Заметив книги, женщина заметно оживилась. Она неразборчиво что-то зашептала губами и благодарно посмотрела на потолок. Я тоже посмотрела, но ничего особенного, кроме паутины в углу и бурой полосы от раздавленного комара, там не обнаружила. Женщина схватила Библию и отнесла ее на тумбочку возле кровати. Потом вернулась, оглянулась, спит ли младенец (он беззаботно спал), и забрала вторую книгу. Я предложила ей взять и мою, но она, не взглянув на меня, презрительно фыркнула. Я огрызнулась вежливостью: «Ничего, простите за беспокойство, вы очень любезны». Этот прием всегда действует, доводя людей, если не до бешенства, то до последнего предела раздражимости. Женщина, не отрываясь от книги, визгливо рявкнула «нахалка». Получилось очень забавно, и я позволила себе не сдержать улыбку. Младенец заулюлюкал во сне.
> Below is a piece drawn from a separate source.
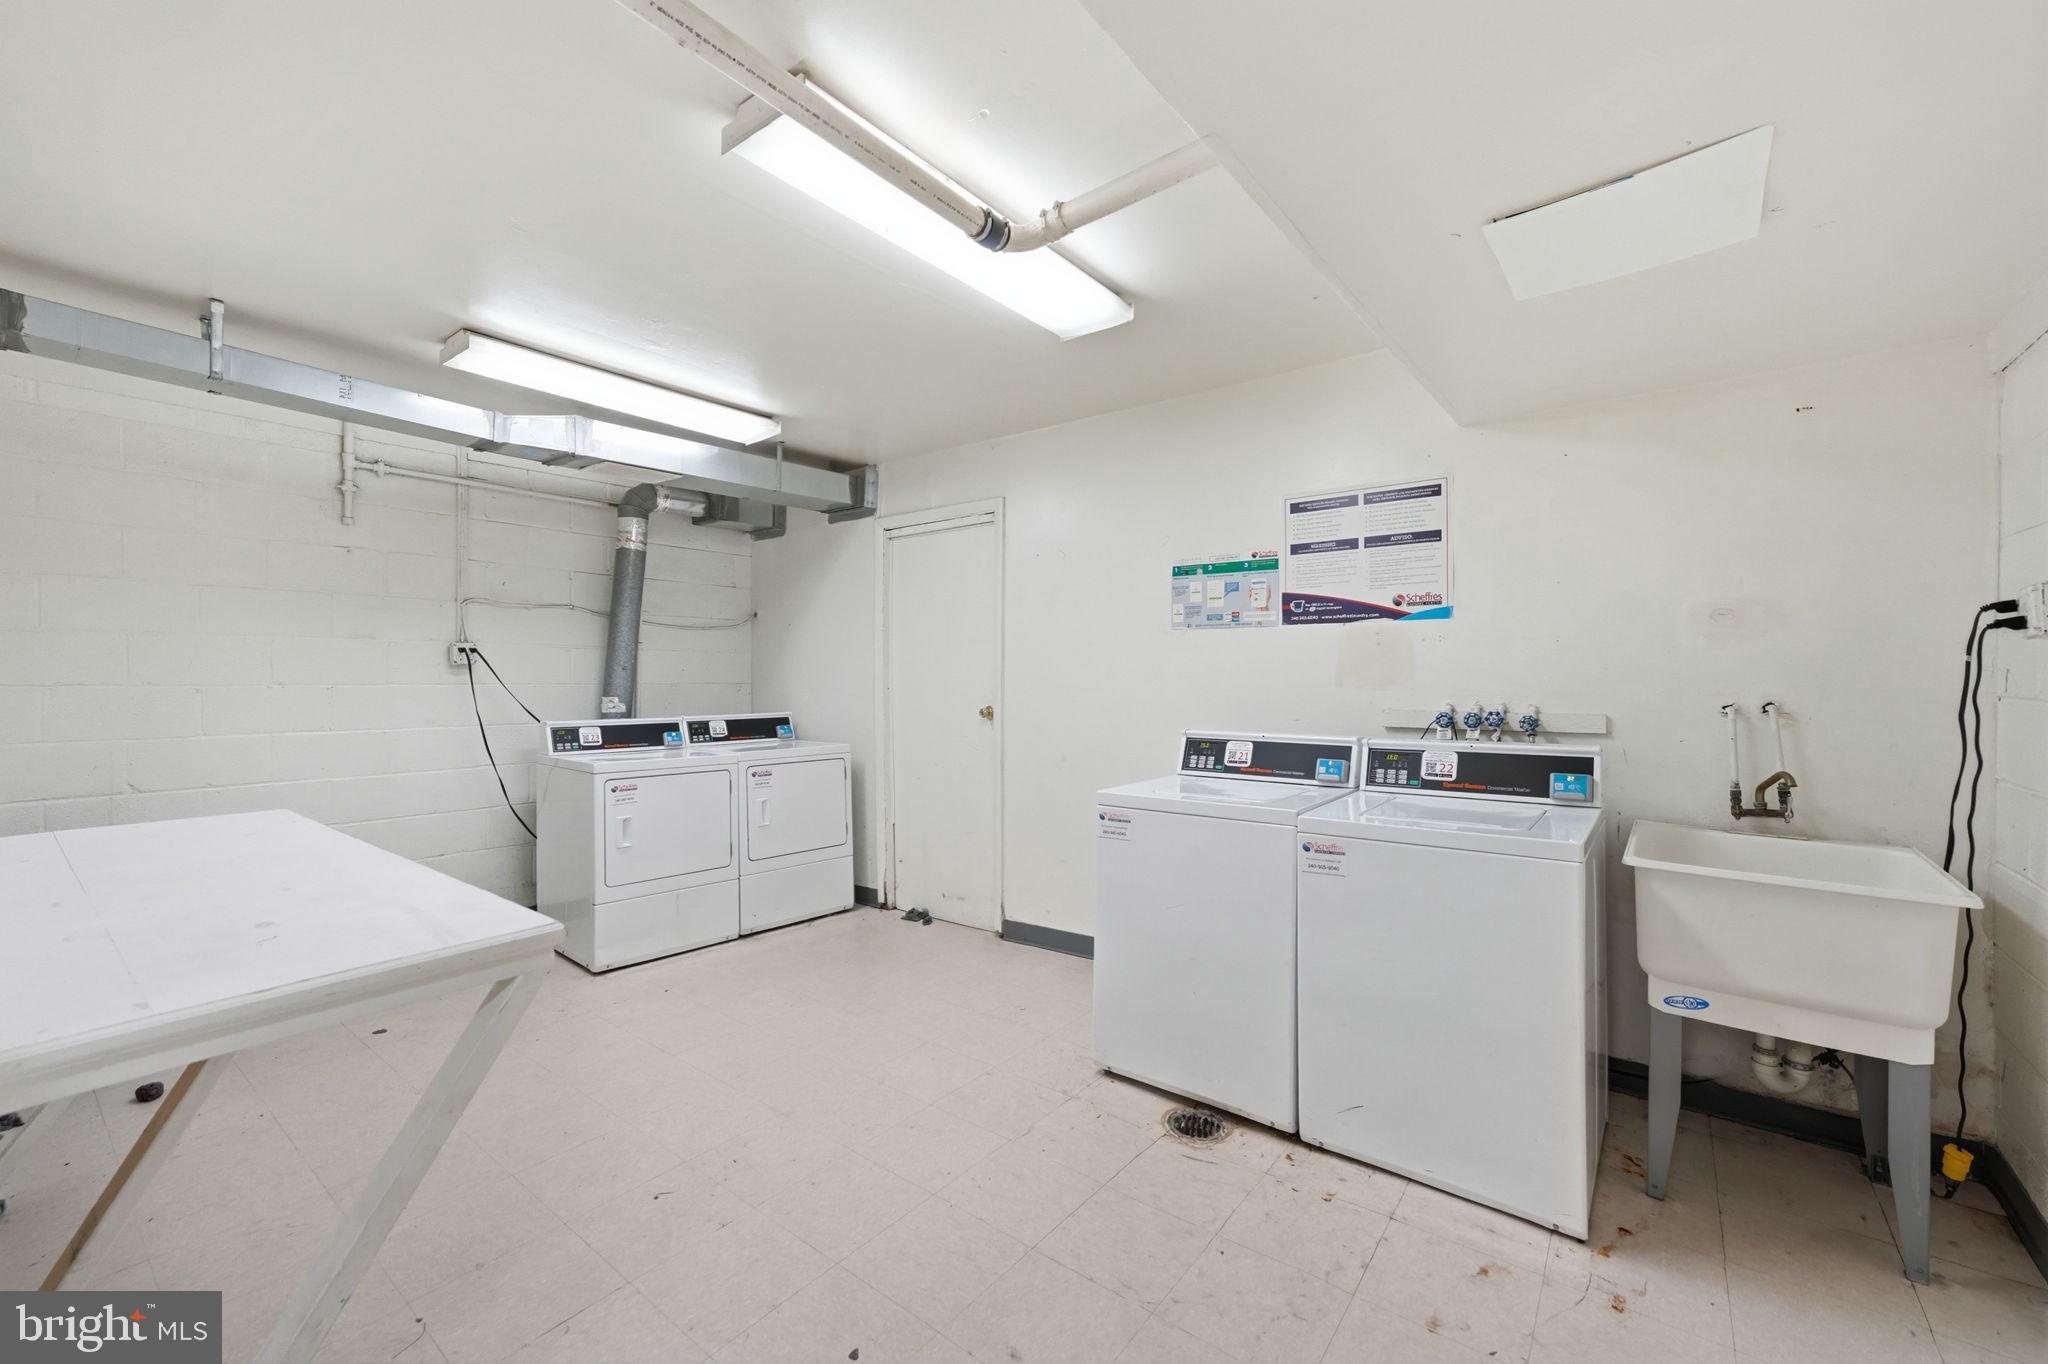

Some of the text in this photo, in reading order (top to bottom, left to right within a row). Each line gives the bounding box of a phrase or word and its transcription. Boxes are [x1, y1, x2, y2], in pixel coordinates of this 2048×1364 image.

[1406, 592, 1443, 602] Scheffres
[1238, 751, 1249, 760] 21
[1439, 763, 1454, 773] 22
Заняться мне было нечем: телевизора не было, читать Библию желания не возникало. Надежда на спасение таяла как снег на солнце весной. Я растягивала время, пока позволяли его физические качества, но оно оказалось мягким и рыхлым и напоминало свежий белый хлеб. Я успела поглазеть в окно, накрыть младенца пледом (который он почти сразу сбросил), наполнить графин водой из-под крана, разлить ее по стаканам, выпить два стакана воды (от нее несло канализацией, и мне вспомнились гнилые зубы Андрея и Лены, моих бедных друзей, которых я так жестоко подставила), изучить этикетку банки горошка (срок годности истек три месяца назад), умыться остатками воды из графина (на ночь воду из экономии, по-видимому, отключали,  так же, как у меня дома), поскрипеть кроватью, ворочаясь с боку на бок. Я поняла, что переделала все возможные дела, и мне ничего не оставалось, кроме того, как заснуть крепким сном.
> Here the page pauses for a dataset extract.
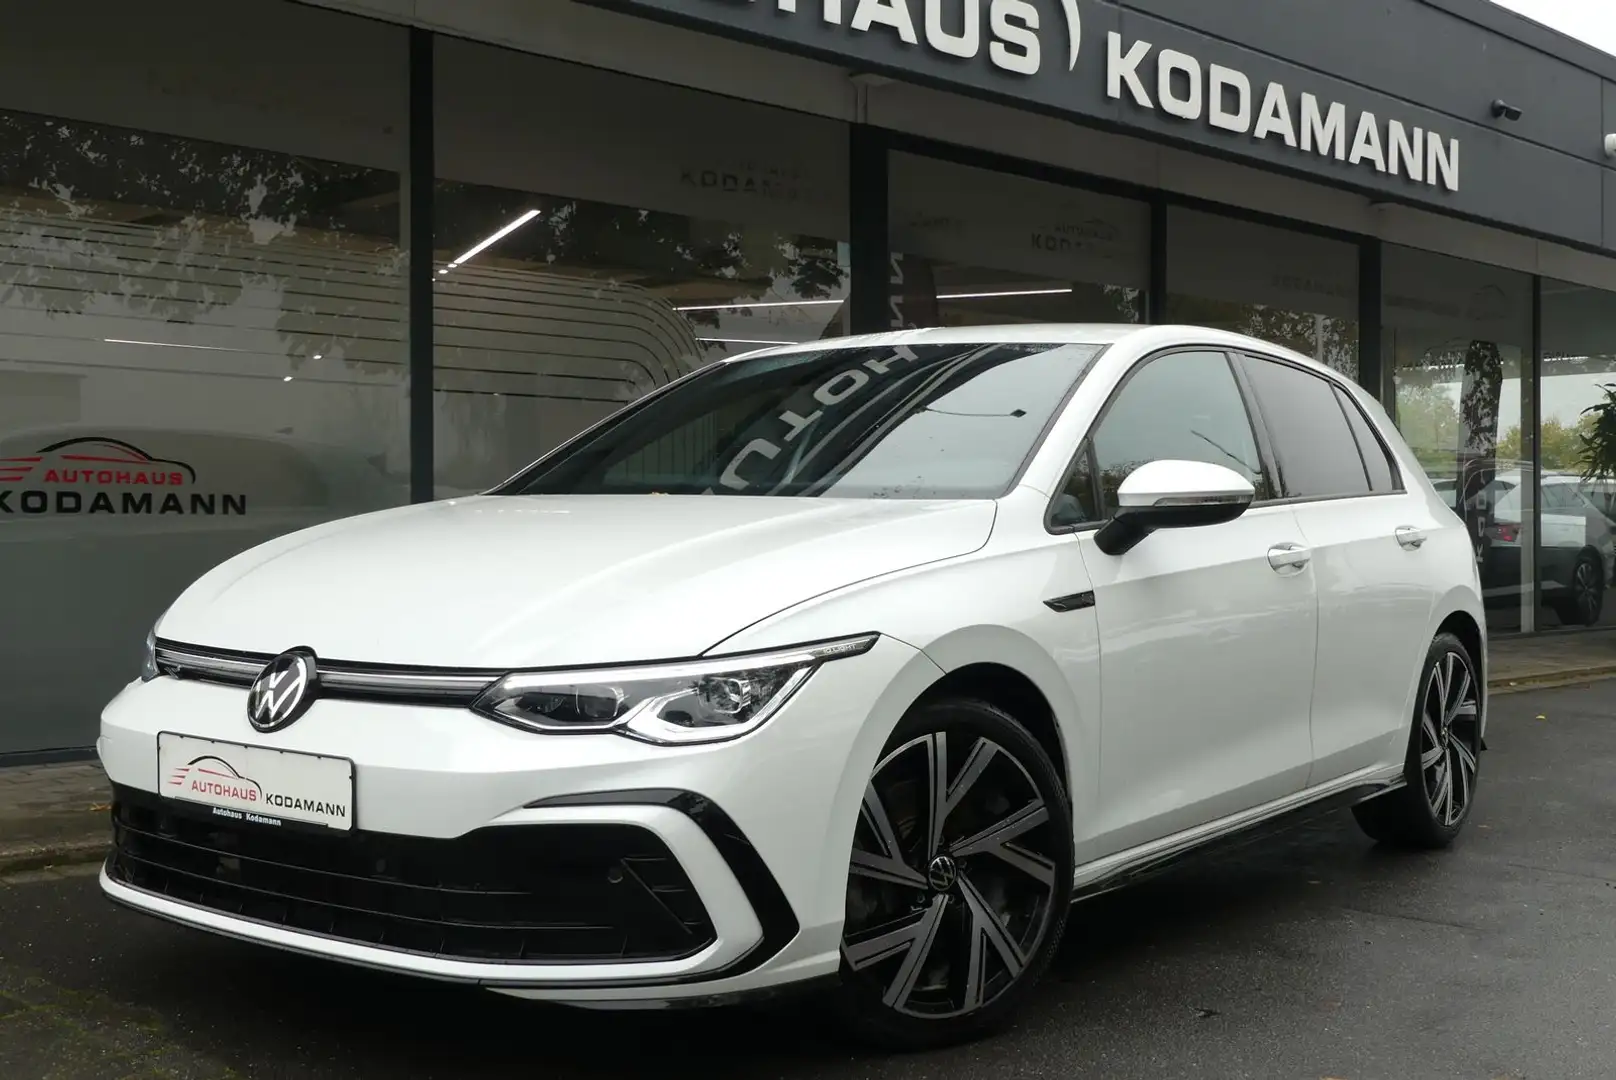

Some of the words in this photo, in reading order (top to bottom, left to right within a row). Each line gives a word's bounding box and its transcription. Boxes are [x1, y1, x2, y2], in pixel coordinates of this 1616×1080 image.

Мне снился Андрей. Он улыбался и гладил меня по голове. Мне было душно, я колыхалась в переполненной ванне, и на пол падали красные брызги. Потом к нам вошла Лена с молотком в руке. Она стала бить им по ванне и кричать: «Дура. Как ты могла».
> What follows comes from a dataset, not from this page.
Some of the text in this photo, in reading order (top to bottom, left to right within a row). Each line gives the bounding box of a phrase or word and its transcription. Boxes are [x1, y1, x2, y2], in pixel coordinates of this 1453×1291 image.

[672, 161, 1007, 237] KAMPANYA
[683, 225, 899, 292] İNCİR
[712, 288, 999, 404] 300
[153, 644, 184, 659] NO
Проснулась я утром, кто-то оглашал коридор тяжелым металлическим звоном. За окном было по-прежнему темно и снова лето; трава скорбно чернела, по-женски распластавшись по земле. «Мрачное местечко», - подумала я. Соседка, похоже, заснула только под утро, кровать была не разобрана, а обе книги, раскрытые, лежали на ее животе друг на друге. Я громко сказала ей: «Просыпайтесь, пора», и она спросонья просто сказала мне «Да, да, спасибо, с добрым утром». Я удивленно уставилась на нее, и она, спохватившись, замолчала.